Resilience After Crisis: When Is It OK to Move Forward?

How can we look hopefully toward an uncertain future?

Source: Jessica Ruscello/Unsplash
Source: Jessica Ruscello/Unsplash

The first thing I do after brewing the coffee each morning is look at the headlines. For the past year, many of them have reflected on groups of people who have suffered in specific ways due to the COVID-19 pandemic. We all struggle differently, but everybody is struggling, and it’s helpful to hear a variety of stories so we can empathize with each other.

As we approach the one-year anniversary of the world changing as we know it, it is definitely helpful to reflect on what we have gone through. But now it might be time to move from reflection to resilience. Some of my clients say that it was helpful to process their experiences and feelings, but now they are ready to think about the future. Others tell me they are tired of looking back.

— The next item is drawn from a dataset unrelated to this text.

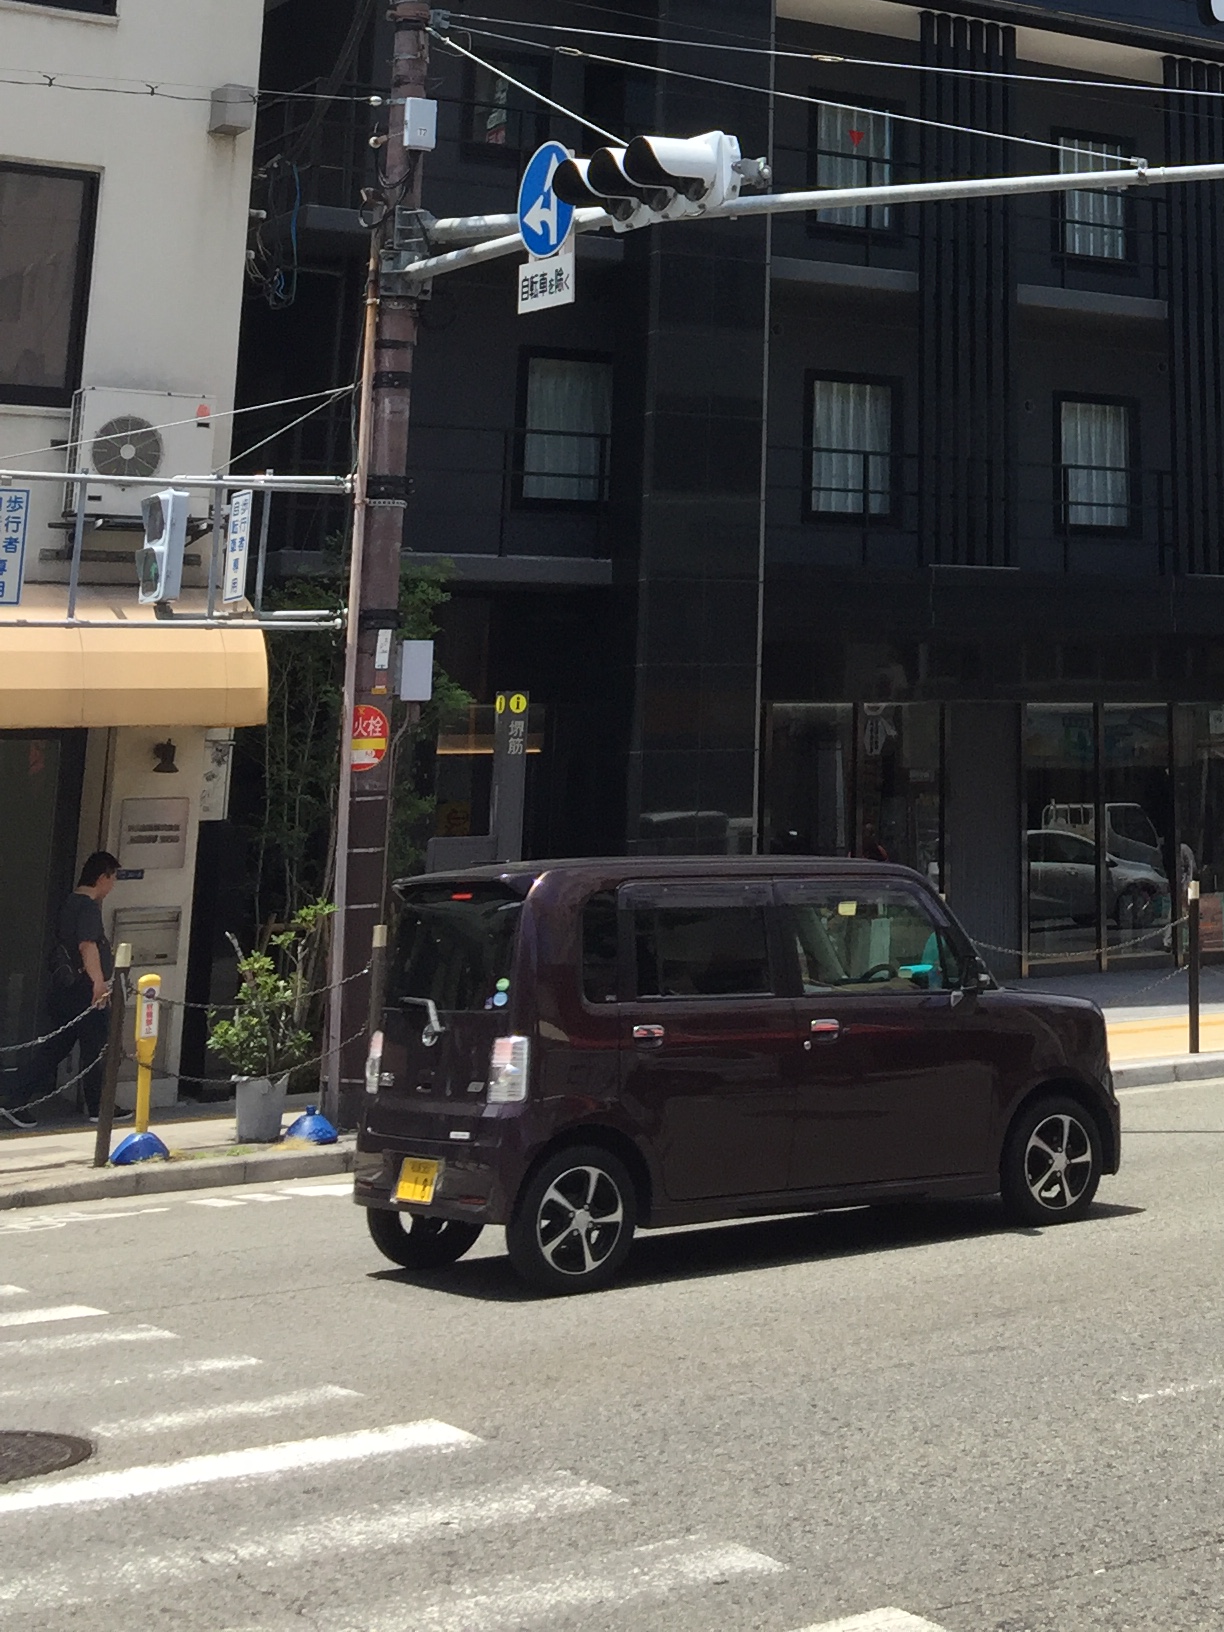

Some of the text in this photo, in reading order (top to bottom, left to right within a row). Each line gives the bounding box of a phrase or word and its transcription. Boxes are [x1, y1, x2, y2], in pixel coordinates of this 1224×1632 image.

I think looking to the future, at this point, gives us hope. It may feel scary to engage those thoughts because there is still a lot of uncertainty about how it will unfold. Below are some factors that might help you prepare for what comes next.

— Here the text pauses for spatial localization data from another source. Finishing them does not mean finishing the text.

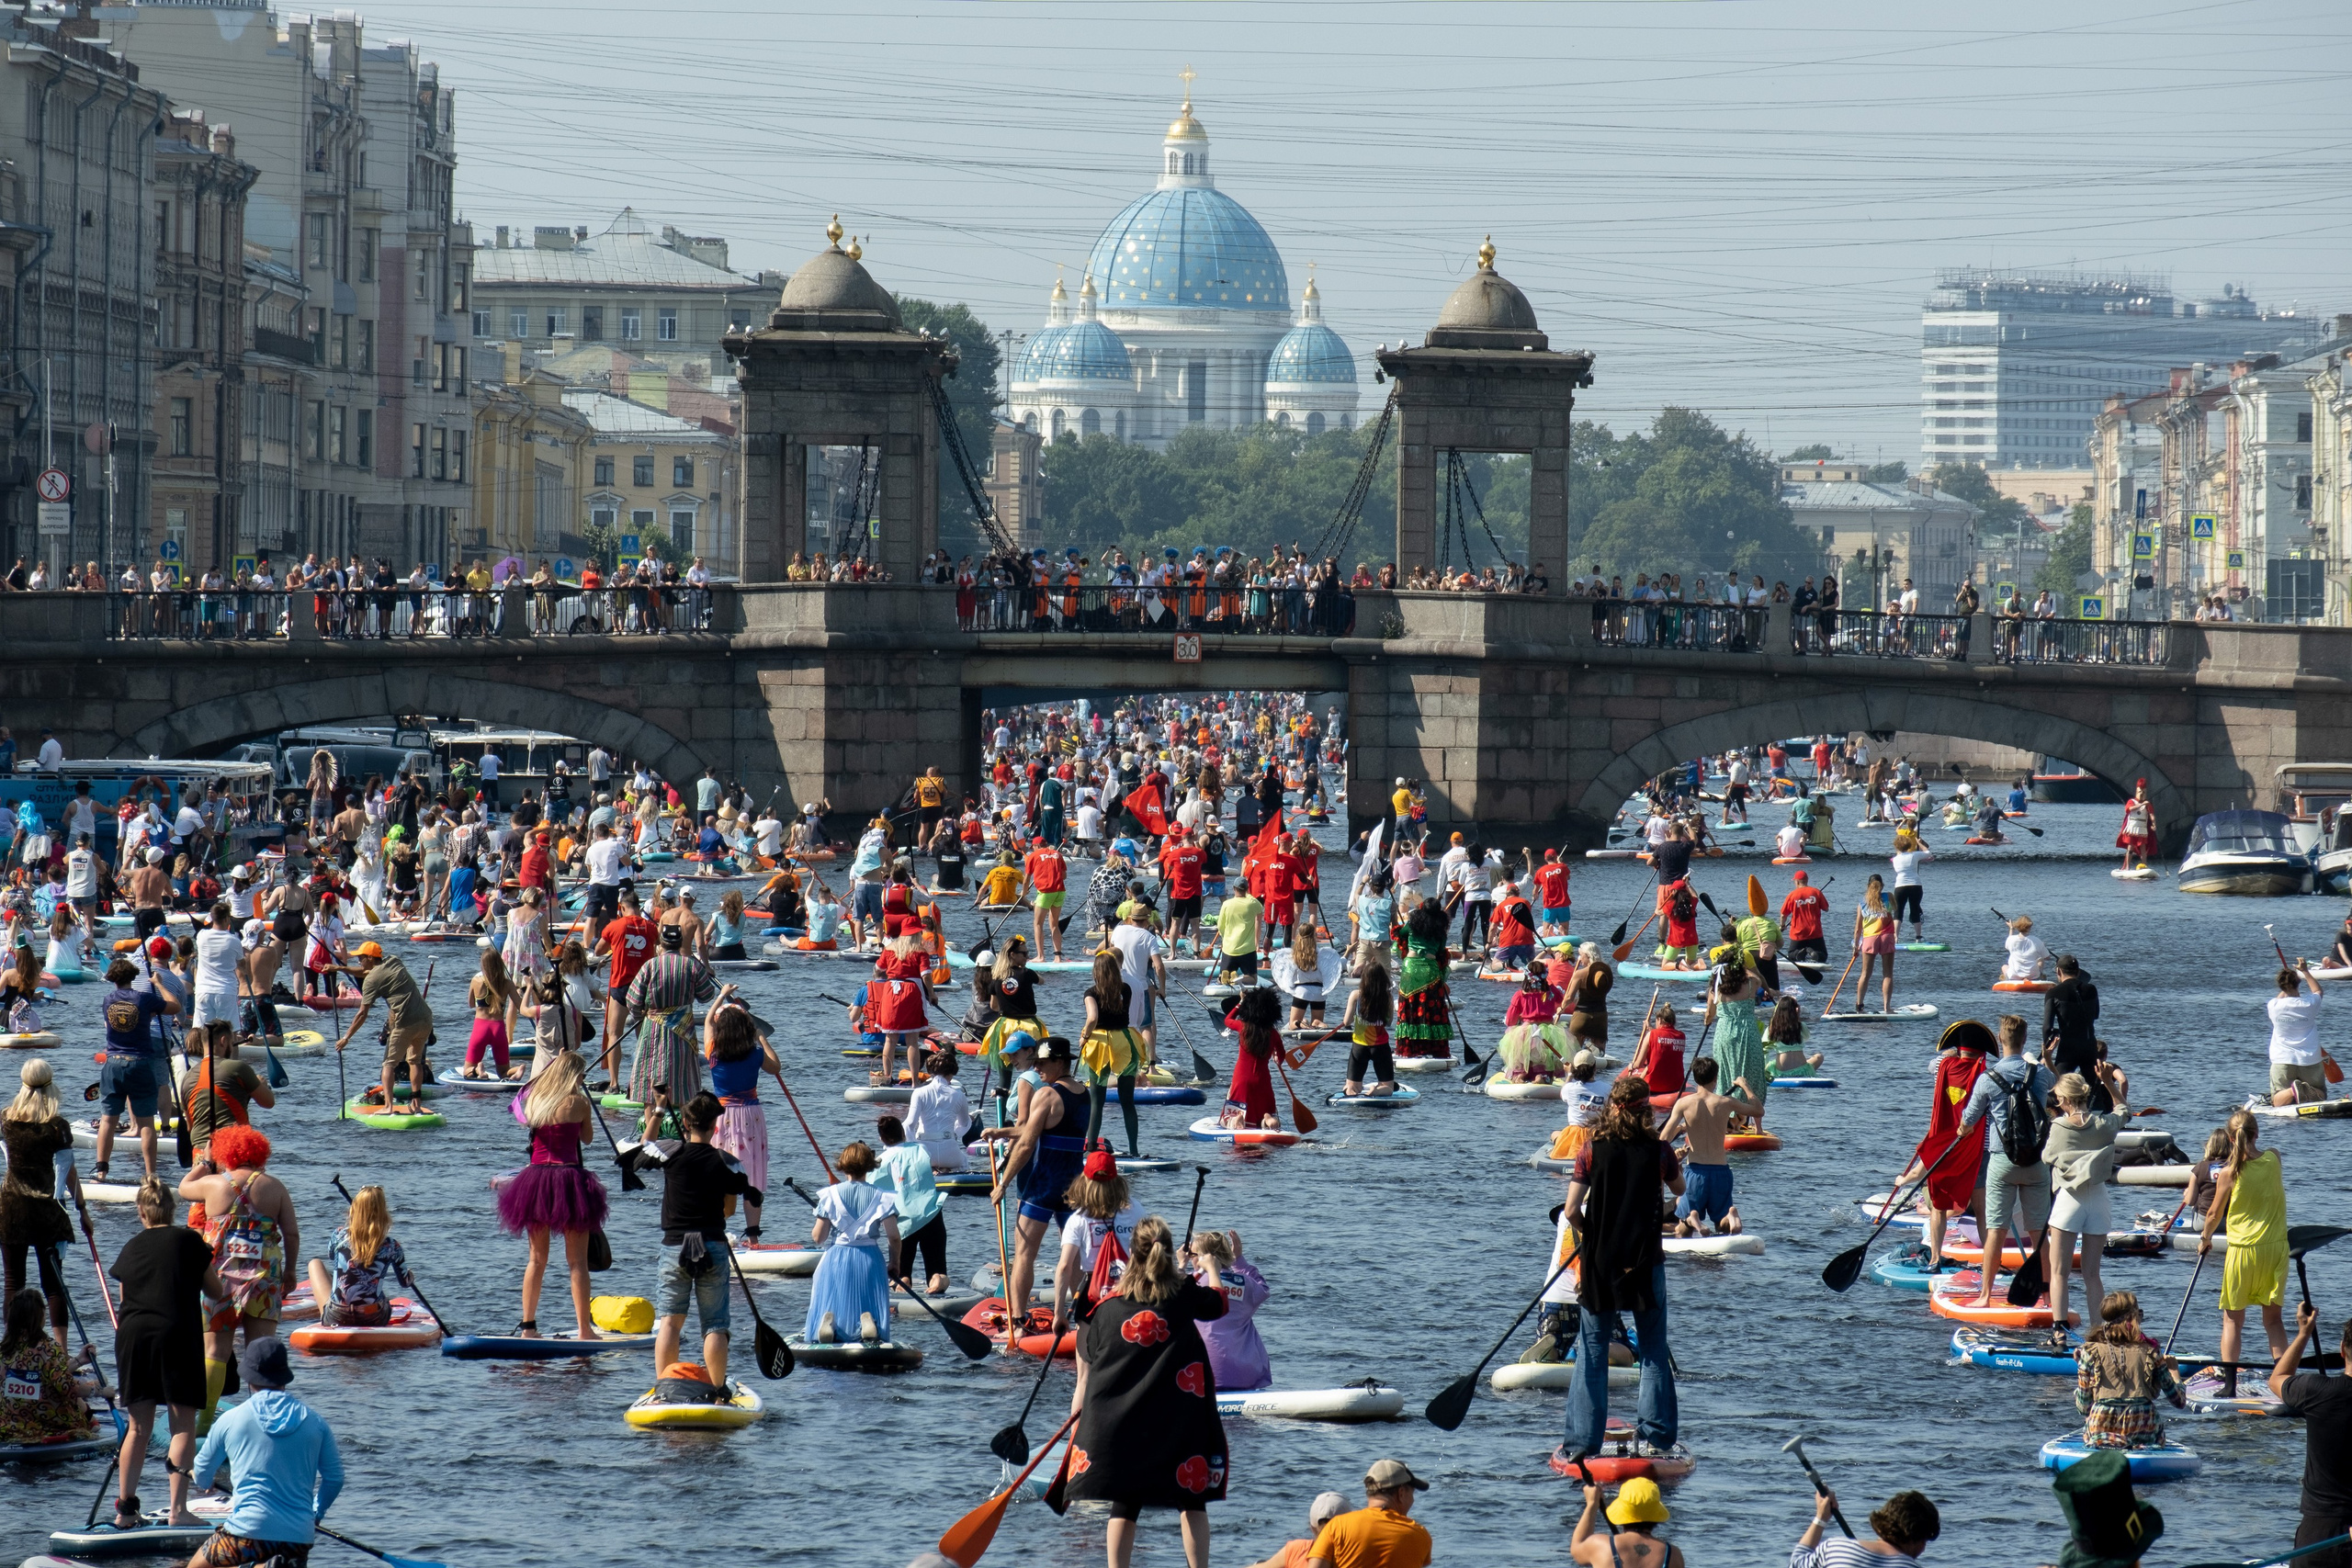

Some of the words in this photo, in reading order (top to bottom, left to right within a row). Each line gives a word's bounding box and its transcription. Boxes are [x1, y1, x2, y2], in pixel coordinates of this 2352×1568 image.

[924, 787, 936, 797] 55
[626, 934, 646, 950] 70
[1657, 1037, 1685, 1045] ОСТОРОЖН
[228, 1242, 260, 1256] 5224
[1996, 1357, 2023, 1368] Feath-R-Lite
[8, 1383, 35, 1395] 5210

Manage expectations about how quickly “normal" will return.

We are all craving the things we miss. Walking around without a mask, eating in restaurants, seeing family that lives far away, and traveling to our favorite destinations. But since we don’t know when restrictions will be lifted, we don’t want to continue to feel disappointed and frustrated. Therefore, enjoying the experiences that we can have as they become available and savoring those moments is the best approach to keeping a positive attitude and reducing our anxiety.

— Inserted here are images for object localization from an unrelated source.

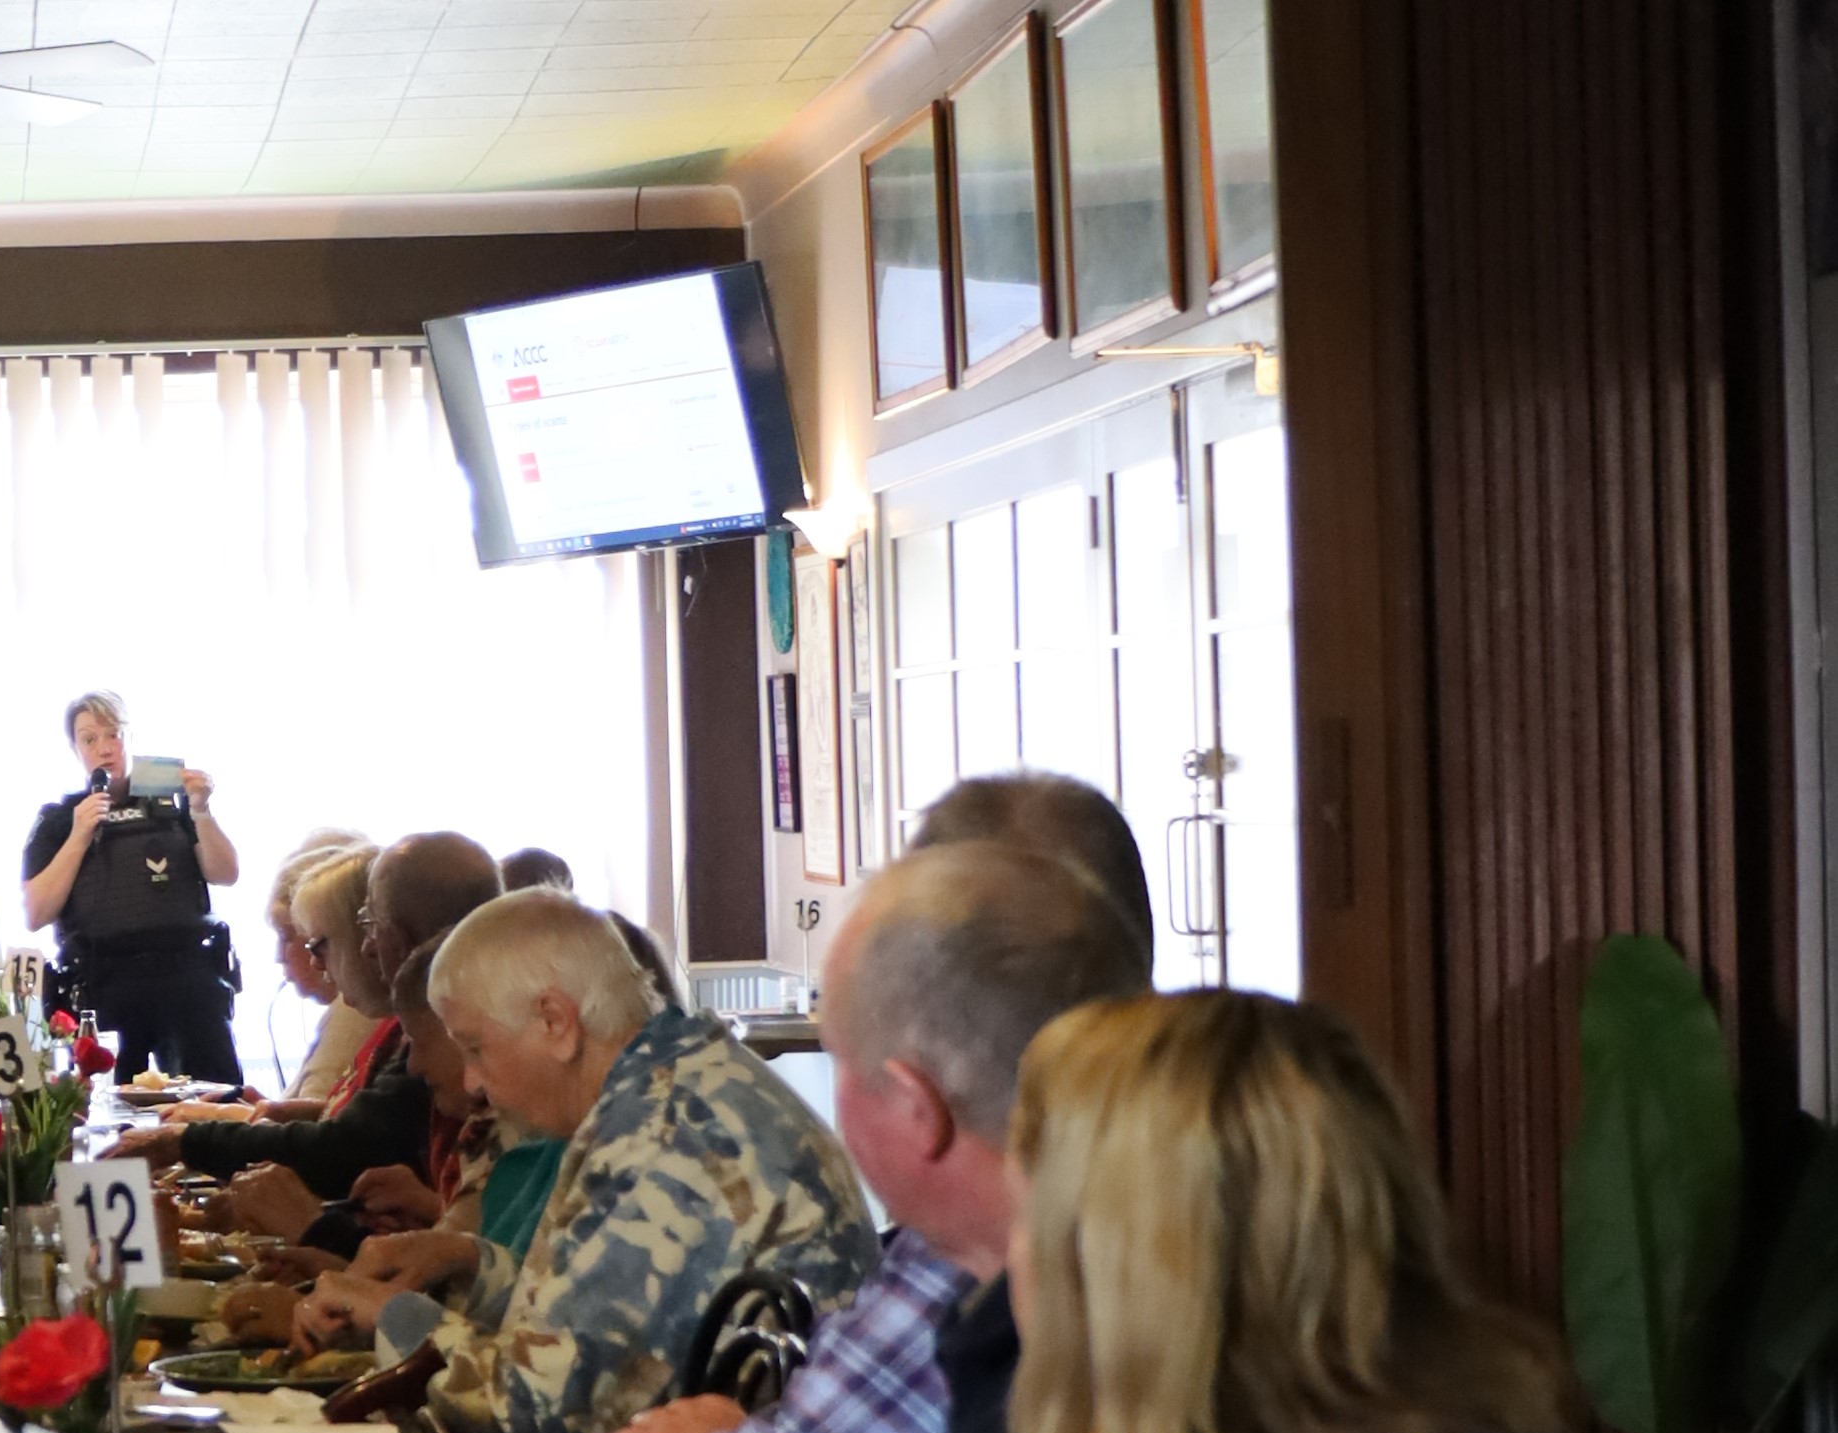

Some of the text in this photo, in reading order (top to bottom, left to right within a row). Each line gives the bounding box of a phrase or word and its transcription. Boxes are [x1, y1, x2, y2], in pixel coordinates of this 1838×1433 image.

[513, 345, 548, 368] ACCC
[107, 808, 143, 822] OLICE
[794, 898, 820, 926] 16
[13, 954, 37, 988] 15
[74, 1181, 144, 1264] 12

Express gratitude as opportunities emerge.

Acknowledging that we are grateful to be able to return to the office, return kids to school, spend more time with people once we are vaccinated, and be able to visit family and other locations will help us remember the progress that has been made. Even though we don’t have everything back yet, remembering where we were one year ago and reminding ourselves that we have gotten through it keeps our brain hopeful that more positive changes are to come.

Set goals and make plans.

Spring is here, and with spring comes renewal. While it may not be time to plan international travel for an extended vacation or plan to put your mask in storage, we can certainly make a wish list. It’s OK to start dreaming about what we will do and the kinds of plans we will make. I am dreaming of throwing a backyard barbecue with all my friends. It might not happen next weekend, but I can visualize the food I will make, the music I will play, and the fun we will have.

Give yourself credit for your bravery.

I was reminded today by a meme that we can’t learn to be brave if everything is always wonderful. Let’s remember that we have been brave, we have faced the uncertainty, and every day we get closer to more freedom.

Encourage each other.

If you see people around you struggling with uncertainty, feeling discouraged, or expressing frustration, take the opportunity to let them know they are not alone. Remind them that we are in this together and we are all looking forward to talking about the pandemic in the past tense. It’s not going to happen at once, but each lifted restriction and each vaccine distribution is a step closer in the right direction.